No he viajado tanto como me hubiese gustado, pero sí lo suficiente como para haber aprendido que en otros lugares, tanto de este lado del charco como del otro, hay un elemento que ha tenido una presencia ineludible dentro de la construcción de las ciudades o más bien de las sociedades: la sostenibilidad, la capacidad de beneficiar de manera genuina no solo a quienes viven en el presente sino a quienes ocuparán nuestros puestos en el futuro. Eso lo pensé la primera vez que viajé como adulto jóven y vi las diferencias físicas y aquellas que sobresalen entre nuestra actitud y la que se percibe en otros lugares del planeta. Un ejemplo es el principio de la Responsabilidad Social Empresarial, que más que un título atractivo que colgar en las paredes de las oficinas, es una cuestión de actitud y hasta de crianza. Los niños que ven que sus padres trabajan y funcionan sólo para beneficiar a la economía familiar y no para aportar a la sociedad en la que viven son criados con la idea de que lo importante en la vida es tu propio bienestar por encima del de los demás y por encima de cualquier consecuencia que la búsqueda de esto tenga para quienes nos rodean. Tal vez por eso me asomo por la ventana de mi apartamento y veo cómo mes tras mes me han ido tapando la vista que tuve otrora, edificios colosales puestos ahí por gente a quién no le importa que ahora habrá más contaminación en el aire y en el agua y menos árboles; más residentes en la misma área contribuyendo al volumen de aguas servidas; un tránsito vehicular que las calles de la ciudad, pobremente planificadas, ni remotamente soportan y un soberano caos por donde se mire. Me cuesta creer que en todos los años que llevo consciente de las diferencias entre Panamá y lugares en los que se aprecian la naturaleza, las edificaciones con valor histórico y cultural y otras riquezas -que abundaban aquí, ahora no tanto- no se haya modificado nuestro rumbo. Todo lo contrario, hemos puesto el pie en el acelerador y vamos a toda máquina embistiendo de frente al principio de la sostenibilidad y a la planificación lógica y minuciosa de los espacios en los que vivimos.

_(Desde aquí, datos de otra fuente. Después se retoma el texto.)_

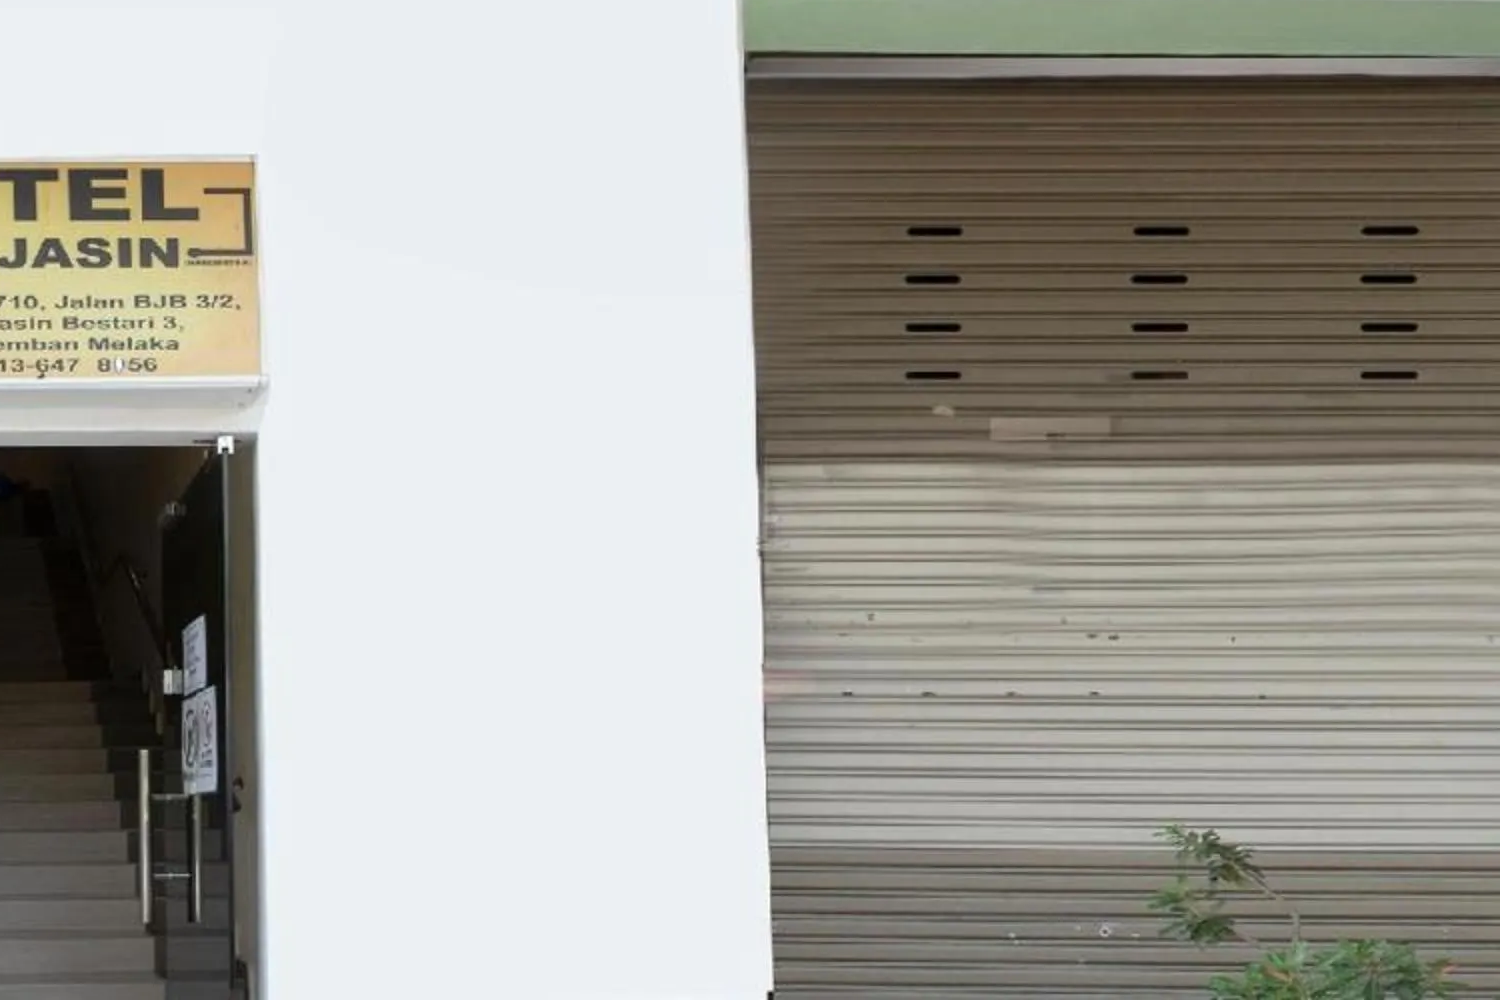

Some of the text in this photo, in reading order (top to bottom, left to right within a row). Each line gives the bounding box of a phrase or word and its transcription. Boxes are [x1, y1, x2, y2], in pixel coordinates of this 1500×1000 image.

Este monstruo es difícil de combatir, anda agitando billetes frente a las narices de personas en posiciones clave con una disposición y falta de principios también claves y así va haciendo girar silenciosamente las piezas de su engranaje. Se puede encontrar algo de consuelo en el hecho de que asimismo, también de manera silenciosa y tal vez hasta imperceptible, se puede empezar a hacer una diferencia con acciones pequeñas, cosas del día a día, que si se suman pueden llegar a parársele de frente al monstruo. Esas acciones, a su vez, servirán de ejemplo a nuestros hijos y ellos aprenderán a ser responsables por su pedacito de Tierra, se les creará la consciencia de que con cada acción que tomen se enfrentan a la decisión de cavar su propia tumba o sacarse ellos mismos del hueco pues nadie más lo hará en su lugar. A pesar de los muchos matices y manifestaciones de este problema la solución no necesariamente requiere el análisis o intervención de físicos nucleares, tal vez sea cuestión de abrir los ojos y remar todos en la misma dirección.